▸ Requirement: Please output every entry below exactly as written, leaving out any pictures.

Content starts

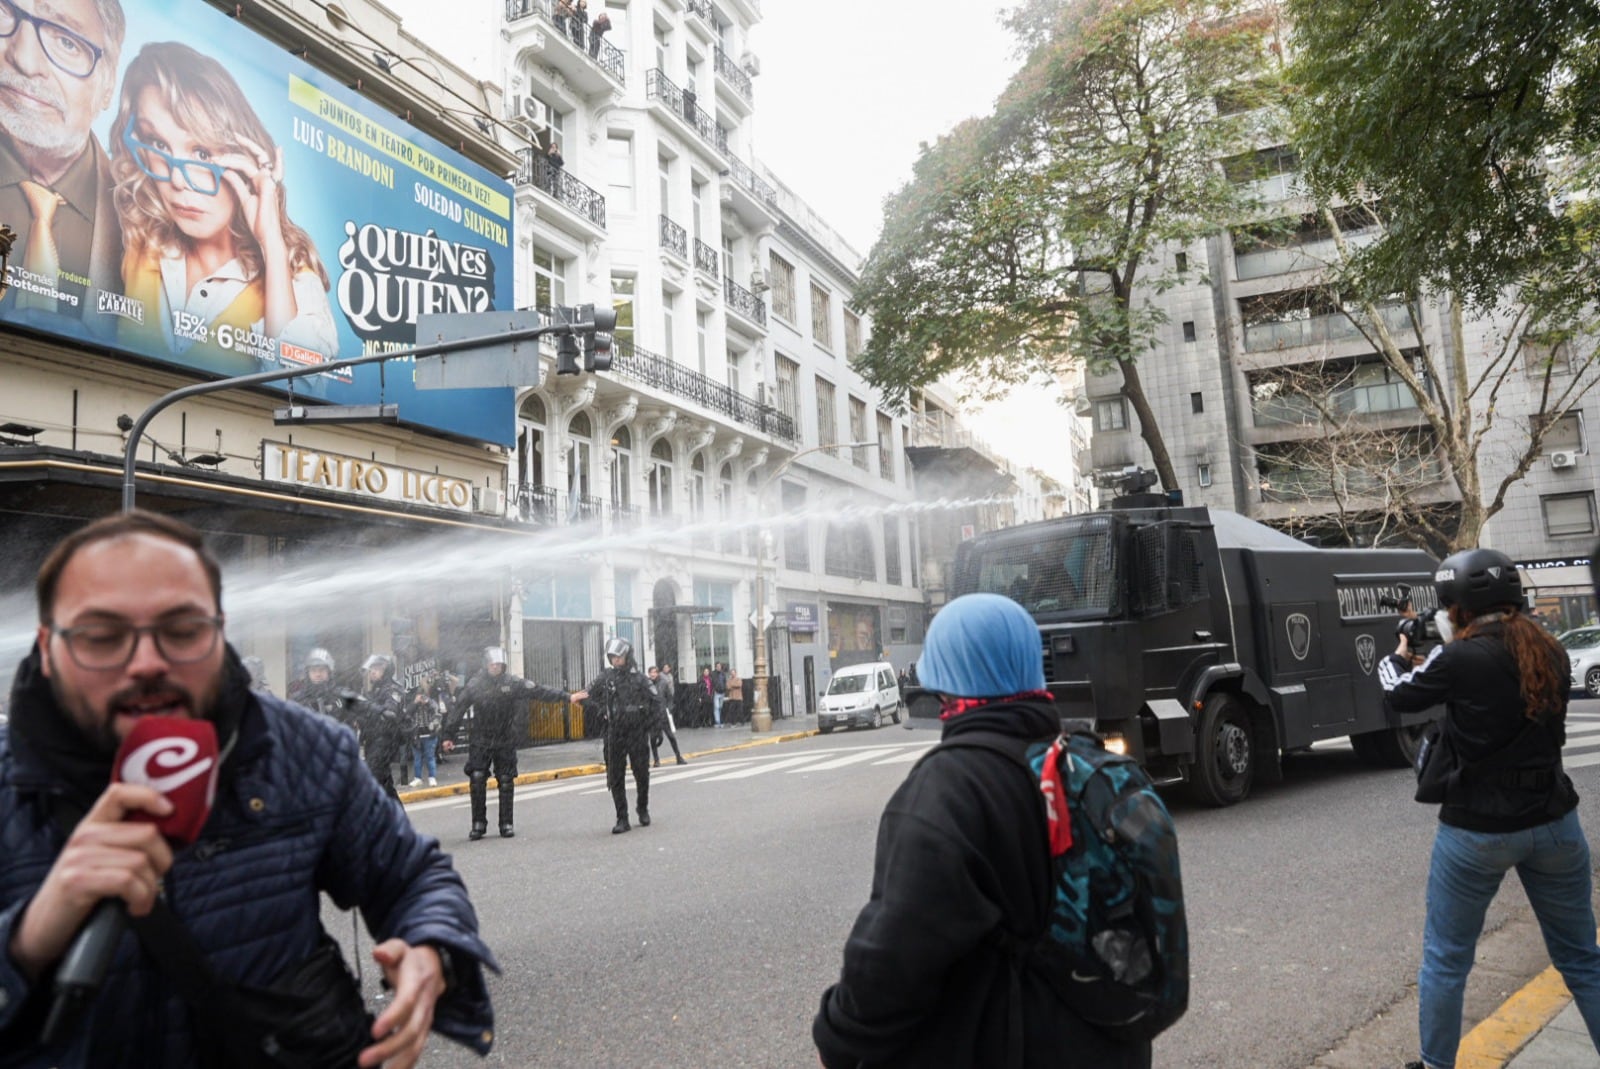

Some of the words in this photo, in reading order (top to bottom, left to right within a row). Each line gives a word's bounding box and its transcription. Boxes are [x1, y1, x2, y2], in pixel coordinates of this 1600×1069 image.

[293, 116, 324, 152] LUIS
[327, 135, 395, 189] BRANDONI
[319, 98, 362, 134] ¡JUNTOS
[365, 124, 377, 142] EN
[418, 156, 435, 175] POR
[438, 166, 473, 195] PRIMERA
[474, 185, 491, 206] VEZ!
[414, 182, 462, 223] SOLEDAD
[464, 208, 508, 247] SILVEYRA
[6, 275, 79, 306] Rottemberg
[16, 266, 53, 287] Tomás
[56, 268, 92, 287] Producen
[173, 310, 208, 336] 15%
[217, 324, 233, 349] 6
[234, 328, 275, 351] CUOTAS
[277, 445, 388, 494] TEATRO
[402, 471, 469, 507] LICEO

Content ends

▸ Exercise solution:
Some of the words in this photo, in reading order (top to bottom, left to right within a row). Each line gives a word's bounding box and its transcription. Boxes are [x1, y1, x2, y2], in pixel coordinates of this 1600×1069 image.

[293, 116, 324, 152] LUIS
[327, 135, 395, 189] BRANDONI
[319, 98, 362, 134] ¡JUNTOS
[365, 124, 377, 142] EN
[418, 156, 435, 175] POR
[438, 166, 473, 195] PRIMERA
[474, 185, 491, 206] VEZ!
[414, 182, 462, 223] SOLEDAD
[464, 208, 508, 247] SILVEYRA
[6, 275, 79, 306] Rottemberg
[16, 266, 53, 287] Tomás
[56, 268, 92, 287] Producen
[173, 310, 208, 336] 15%
[217, 324, 233, 349] 6
[234, 328, 275, 351] CUOTAS
[277, 445, 388, 494] TEATRO
[402, 471, 469, 507] LICEO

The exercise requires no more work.